Try it: Repeat every record exactly, but keep images out of the copy.

(Saved entries)
*** Block opens ***
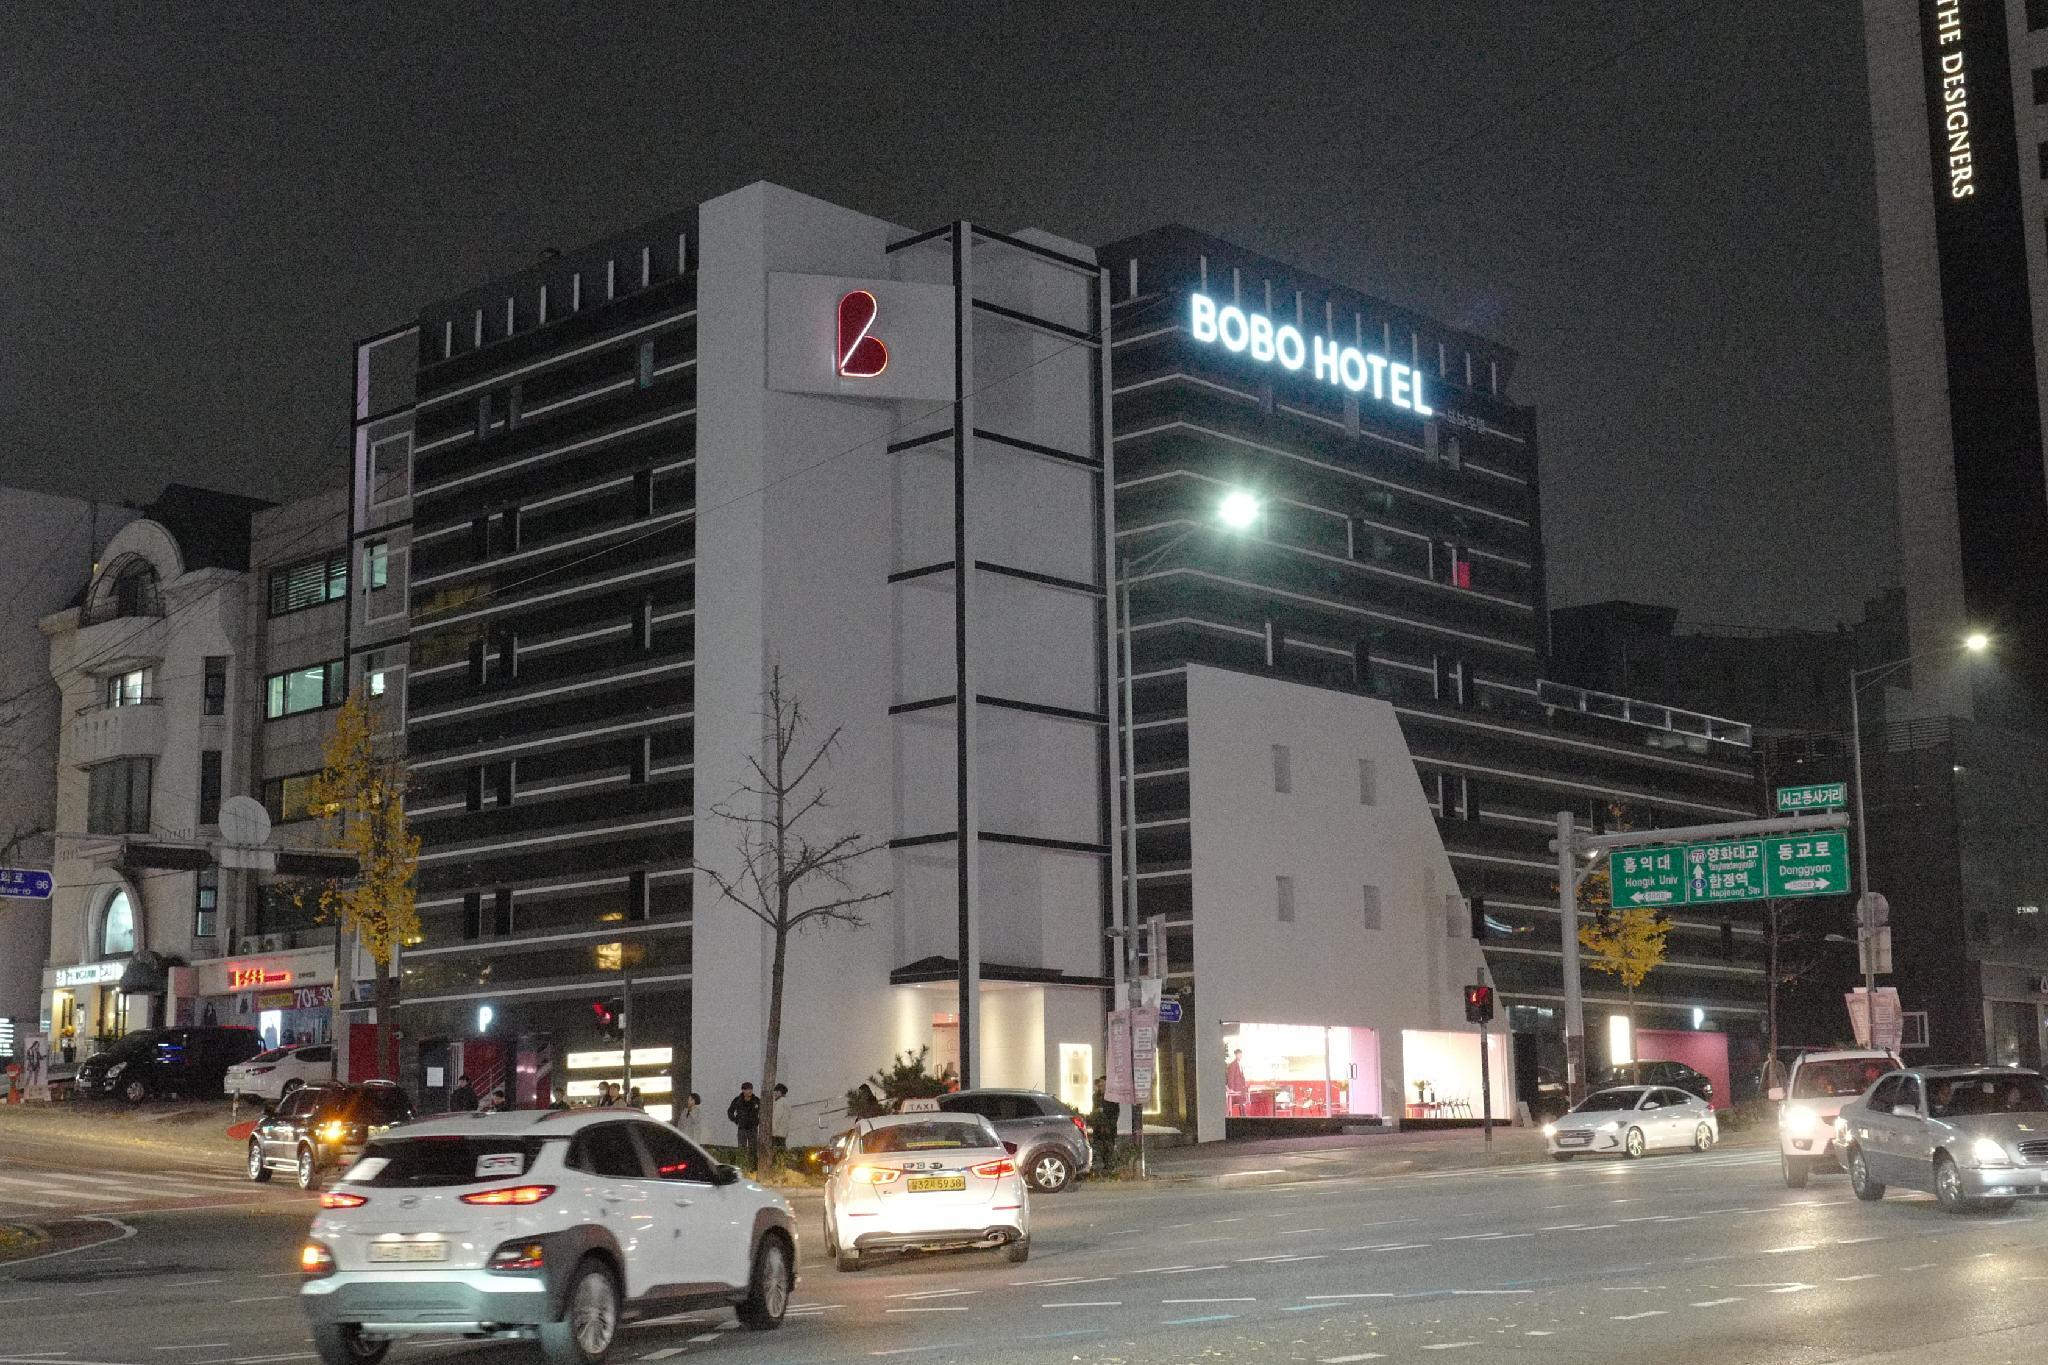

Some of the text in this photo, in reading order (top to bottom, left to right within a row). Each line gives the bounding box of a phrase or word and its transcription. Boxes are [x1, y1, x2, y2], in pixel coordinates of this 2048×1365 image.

[1942, 51, 1975, 198] DESIGNERS
[1191, 292, 1433, 416] BOBO HOTEL
[1781, 787, 1842, 806] 서교동사거리
[1707, 845, 1759, 862] 양화대교
[1778, 841, 1831, 861] 동교로
[1624, 853, 1670, 873] 홍익대
[1780, 864, 1831, 876] Donggyoro
[36, 880, 49, 890] 96
[1625, 874, 1678, 889] Hongik Univ
[1709, 871, 1749, 889] 합정역
[479, 1006, 493, 1032] P
[910, 1103, 935, 1111] TAXI
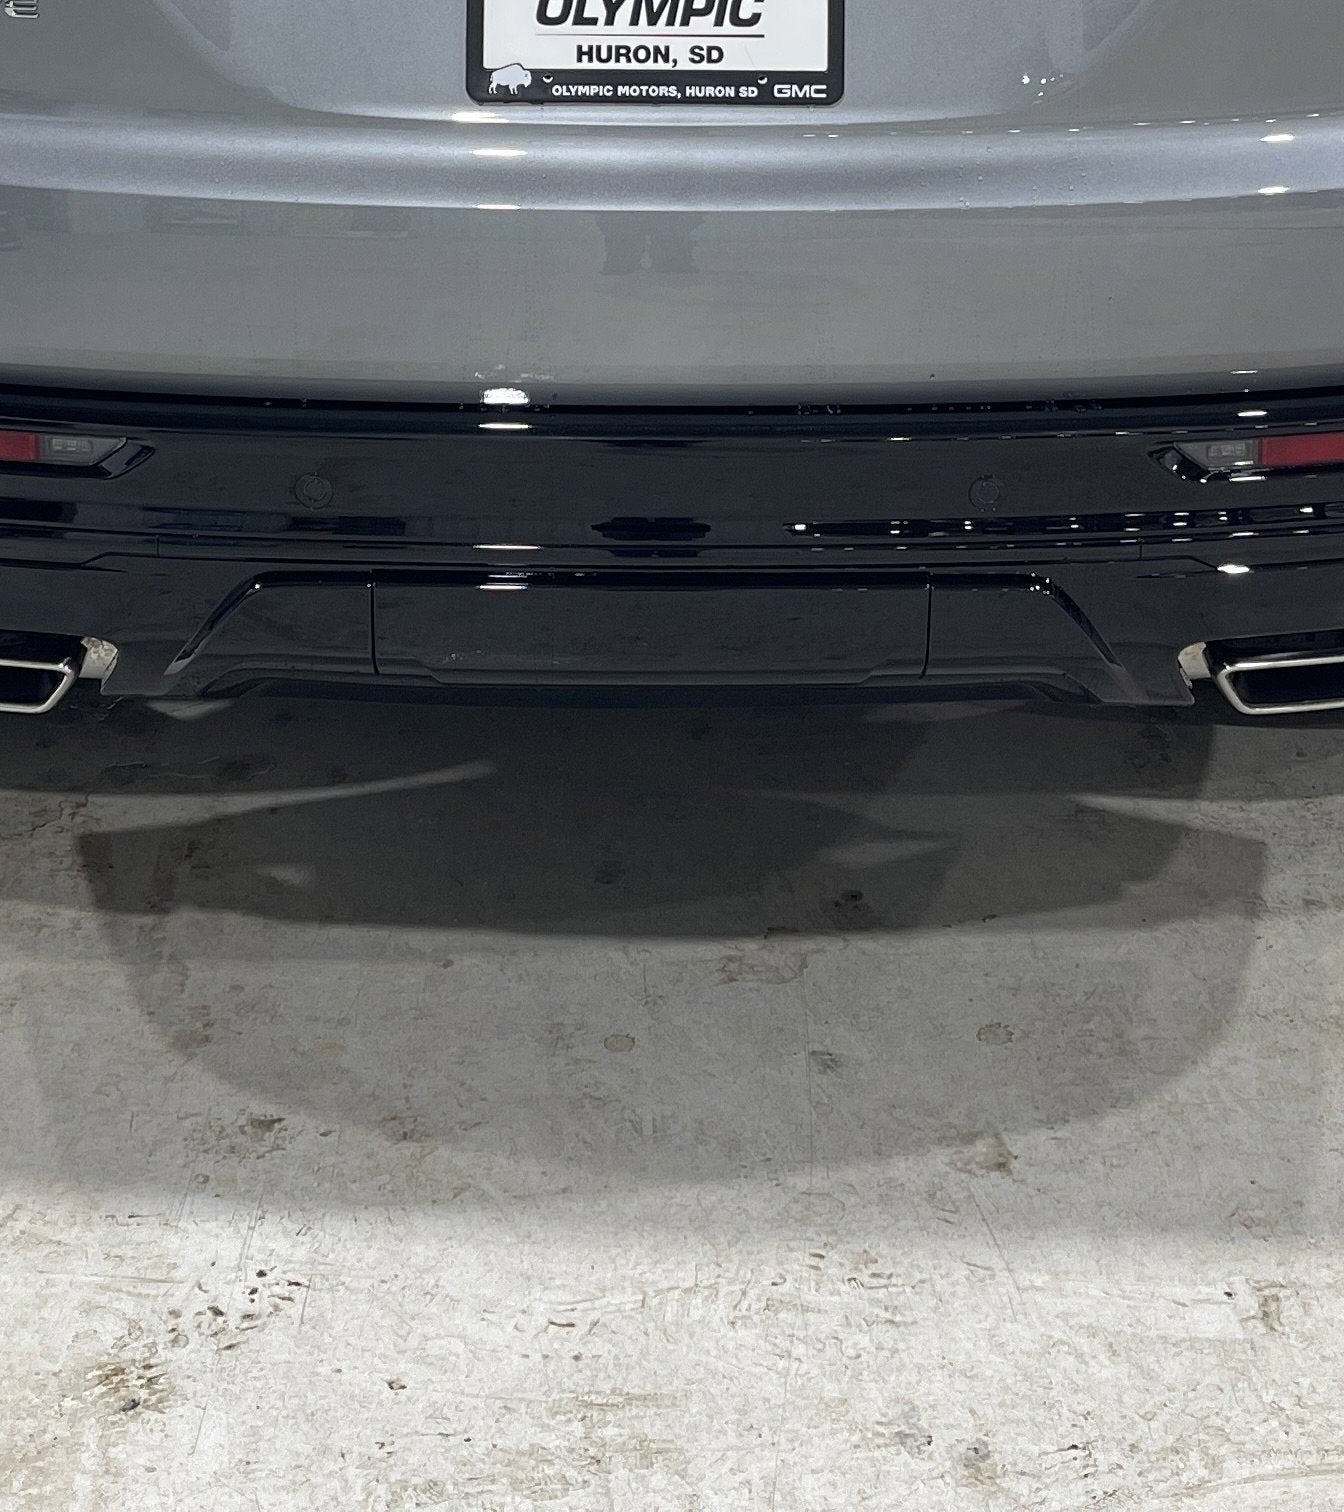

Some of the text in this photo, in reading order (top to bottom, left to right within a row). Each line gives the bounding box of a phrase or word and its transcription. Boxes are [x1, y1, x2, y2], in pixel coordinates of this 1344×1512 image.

[575, 44, 725, 69] HURON, SD
[551, 84, 758, 100] OLYMPIC MOTORS, HURON SD
[773, 83, 828, 99] GMC
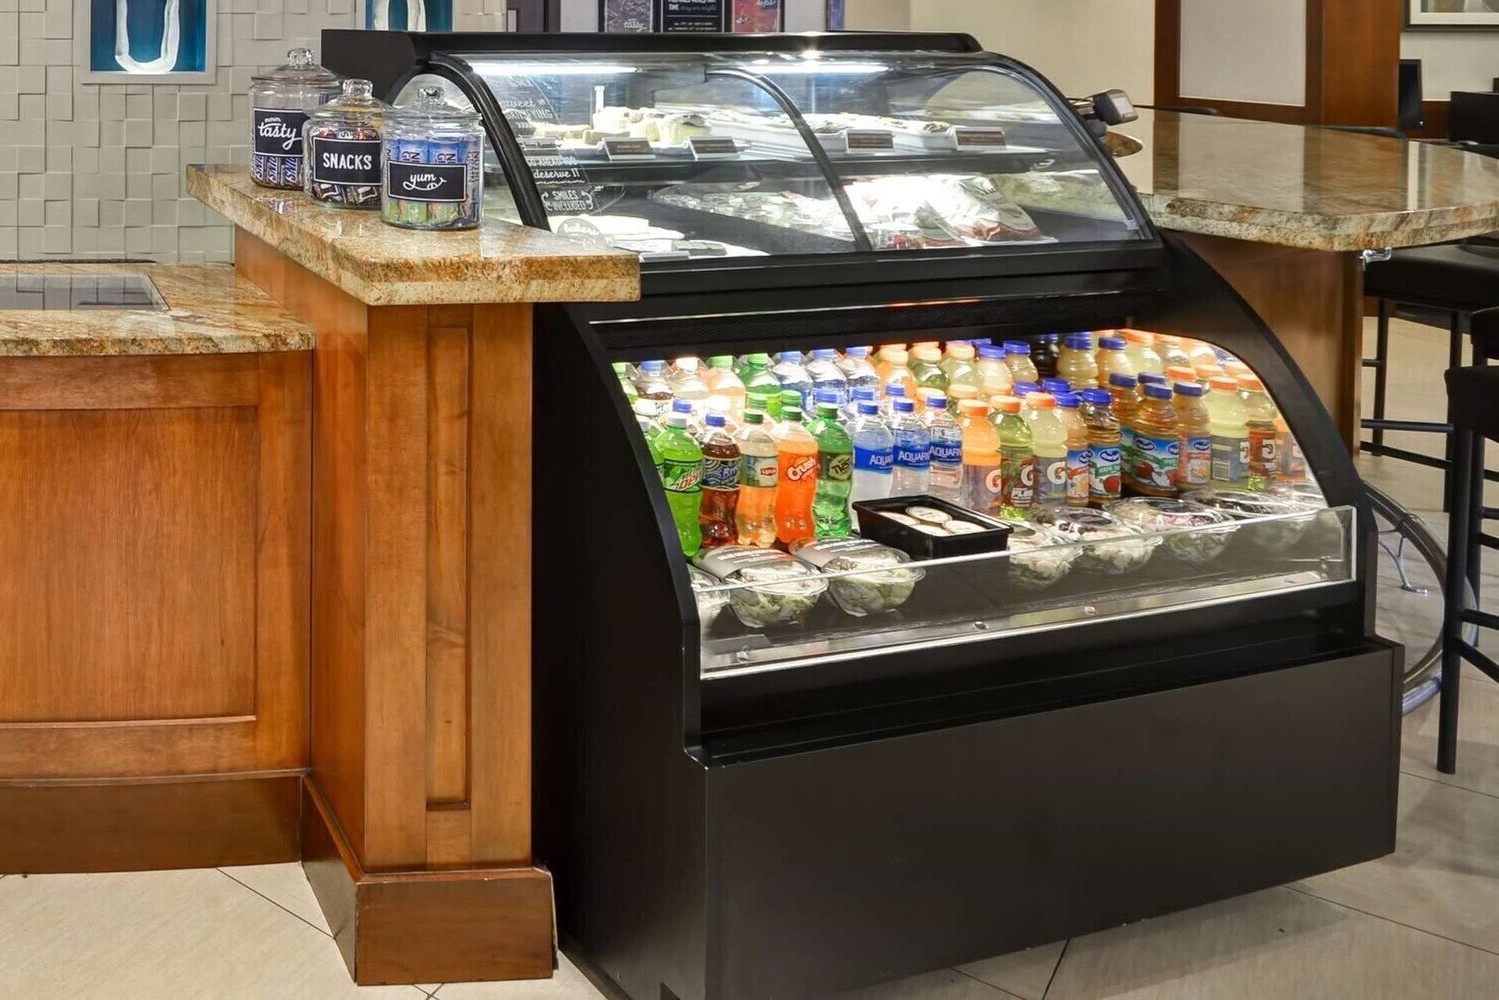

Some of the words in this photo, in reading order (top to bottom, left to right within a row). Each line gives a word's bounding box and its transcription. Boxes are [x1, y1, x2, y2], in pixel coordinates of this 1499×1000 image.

[257, 122, 303, 151] tasty
[323, 152, 372, 170] SNACKS
[402, 173, 437, 191] yum
[533, 168, 571, 179] deserve
[552, 190, 579, 201] SMILES
[552, 200, 587, 211] INCLUDED
[787, 456, 817, 481] Crush
*** Block closes ***
Worked solution:
Some of the text in this photo, in reading order (top to bottom, left to right within a row). Each line gives the bounding box of a phrase or word and its transcription. Boxes are [x1, y1, x2, y2], in pixel coordinates of this 2048×1365 image.

[1942, 51, 1975, 198] DESIGNERS
[1191, 292, 1433, 416] BOBO HOTEL
[1781, 787, 1842, 806] 서교동사거리
[1707, 845, 1759, 862] 양화대교
[1778, 841, 1831, 861] 동교로
[1624, 853, 1670, 873] 홍익대
[1780, 864, 1831, 876] Donggyoro
[36, 880, 49, 890] 96
[1625, 874, 1678, 889] Hongik Univ
[1709, 871, 1749, 889] 합정역
[479, 1006, 493, 1032] P
[910, 1103, 935, 1111] TAXI

Some of the text in this photo, in reading order (top to bottom, left to right within a row). Each line gives the bounding box of a phrase or word and its transcription. Boxes are [x1, y1, x2, y2], in pixel coordinates of this 1344×1512 image.

[575, 44, 725, 69] HURON, SD
[551, 84, 758, 100] OLYMPIC MOTORS, HURON SD
[773, 83, 828, 99] GMC

Some of the words in this photo, in reading order (top to bottom, left to right within a row). Each line gives a word's bounding box and its transcription. Boxes are [x1, y1, x2, y2], in pixel coordinates of this 1499×1000 image.

[257, 122, 303, 151] tasty
[323, 152, 372, 170] SNACKS
[402, 173, 437, 191] yum
[533, 168, 571, 179] deserve
[552, 190, 579, 201] SMILES
[552, 200, 587, 211] INCLUDED
[787, 456, 817, 481] Crush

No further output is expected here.